Steps to avoiding polypharmacy
By identifying polypharmacy’s risk factors, we may decrease its associated morbidity, mortality, and cost. Steps to follow while prescribing—as represented by the mnemonics SAIL33 and TIDE—may help you avoid polypharmacy’s negative consequences.
SAIL. Keep the drug regimen as simple as possible. Aim for once-daily or twice daily dosing. Try to simplify complex drug regimens by discontinuing any drug that does not achieve its defined therapeutic goal. For diseases and syndromes with less clear-cut causes, subtracting drugs from a complicated regimen may be more therapeutic than adding another drug. Try to treat multiple symptoms and syndromes with a single drug that may have multiple beneficial effects, rather than treating each symptom or syndrome with individual drugs.

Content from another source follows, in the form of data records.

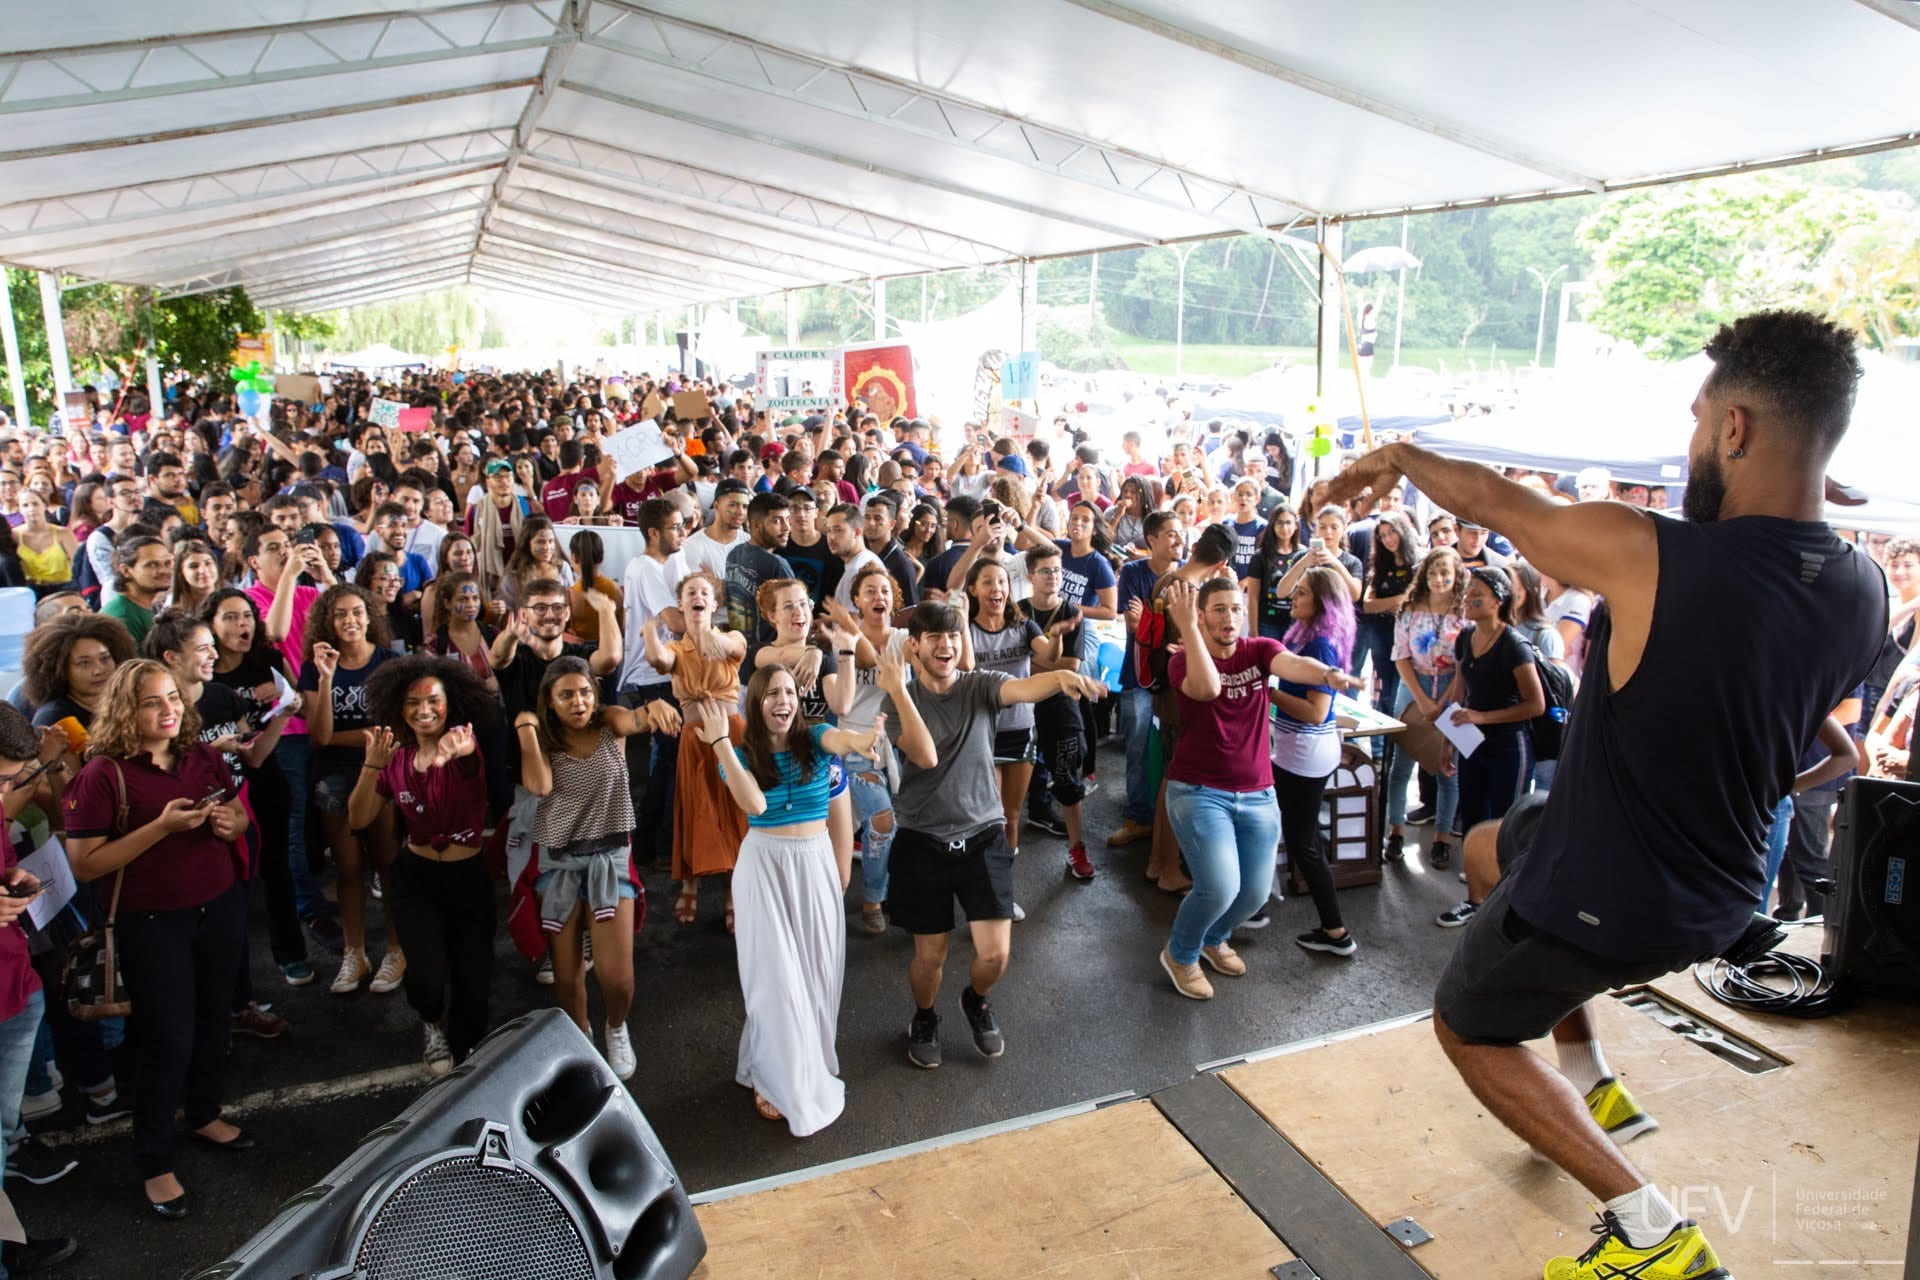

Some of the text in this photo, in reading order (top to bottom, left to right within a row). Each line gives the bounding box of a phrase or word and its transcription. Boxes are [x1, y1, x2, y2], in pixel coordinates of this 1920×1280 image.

[768, 398, 831, 408] ZOOTECNIA
[1219, 665, 1262, 687] EDICINA
[1228, 686, 1247, 699] UFV
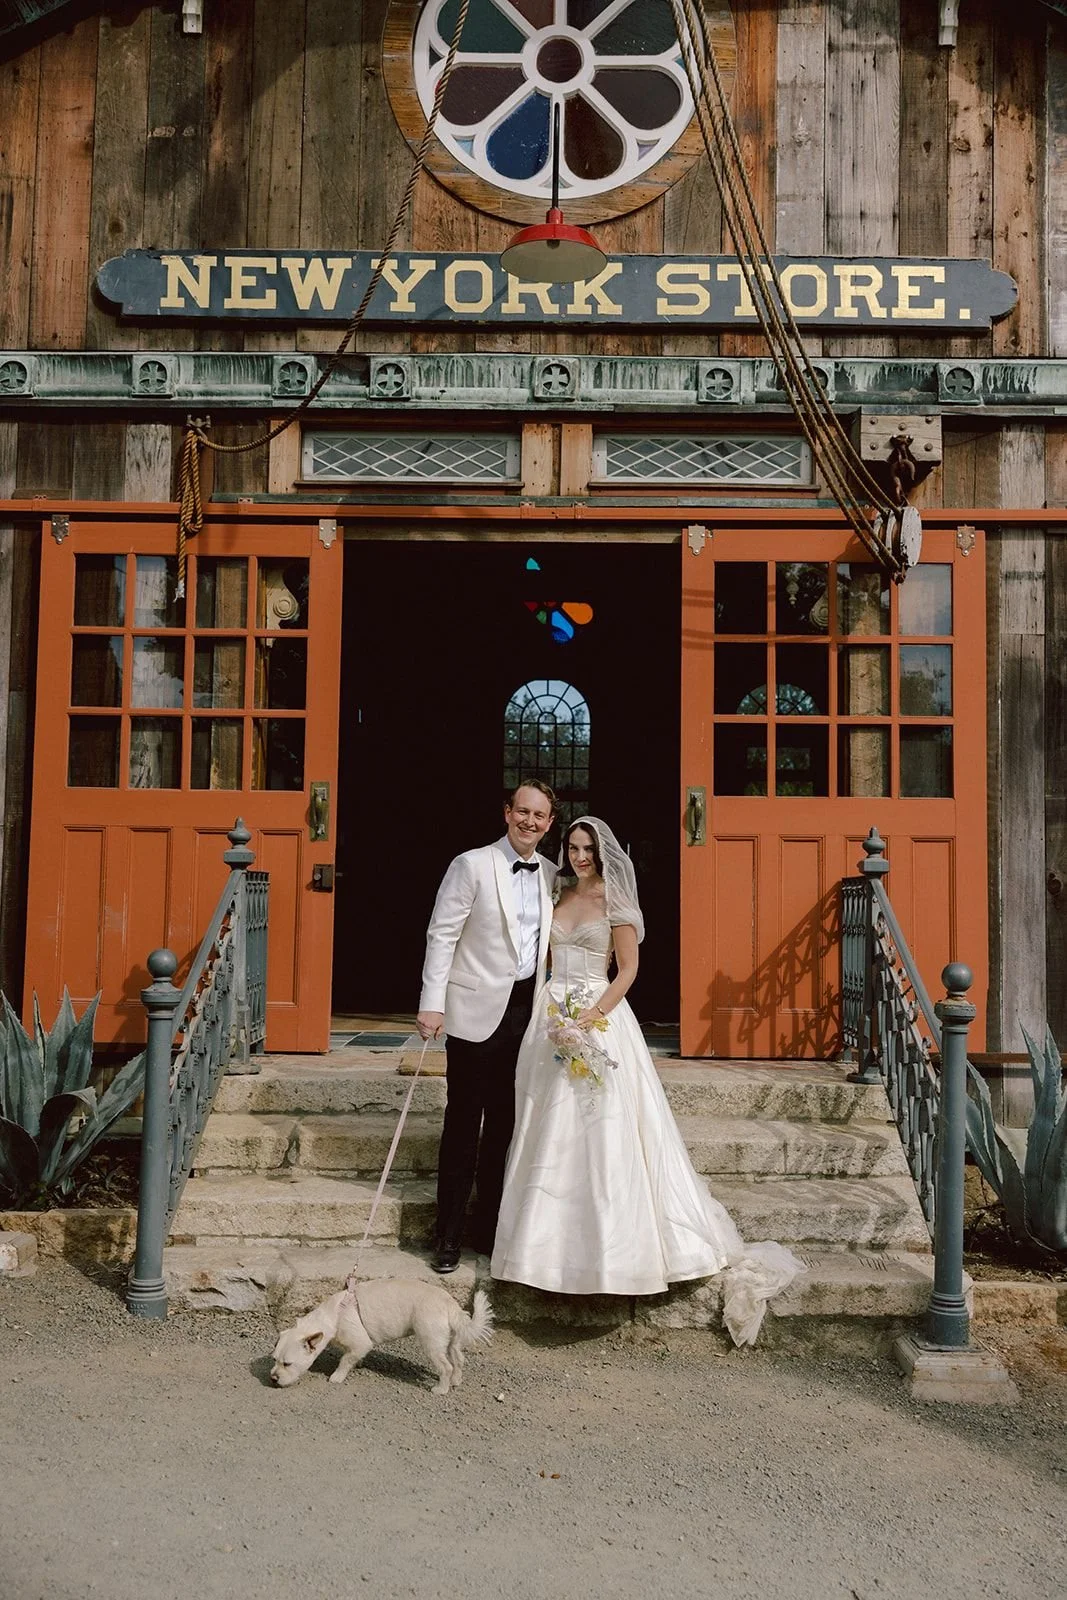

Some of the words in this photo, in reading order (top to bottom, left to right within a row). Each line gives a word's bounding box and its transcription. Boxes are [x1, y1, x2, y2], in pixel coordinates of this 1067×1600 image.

[159, 255, 352, 311] NEW
[371, 258, 623, 315] YORK
[655, 263, 971, 320] STORE.

Understand the potential adverse effects of each drug and potential drug-drug interactions. Whenever practical, choose drugs with broad rather than narrow therapeutic indices.
Each prescribed drug should have a clear indication and a well-defined therapeutic goal. Prescribe using evidence-based medicine as much as is practical.
List the name and dosage of each drug in the patient’s chart, and provide this information to the patient.33 Consider adopting computer data entry and feedback procedures, which have been shown to decrease polypharmacy34 and drug-drug interactions.35
TIDE. In the busy medical practice, writing a prescription signals to the patient that his or her time with the doctor is almost finished. Allow time to address medication issues.
Apply the understanding of individual variability, pharmacokinetics, and pharmacodynamics when prescribing. Review with the patient all prescription and nonprescription drugs and dietary supplements being taken.
Be careful to avoid potentially dangerous drug-drug interactions, especially those associated with serious adverse events such as torsades de pointes.
Educate patients regarding drug and non-drug treatments. Explain potential adverse effects of each drug and potential drug-drug interactions.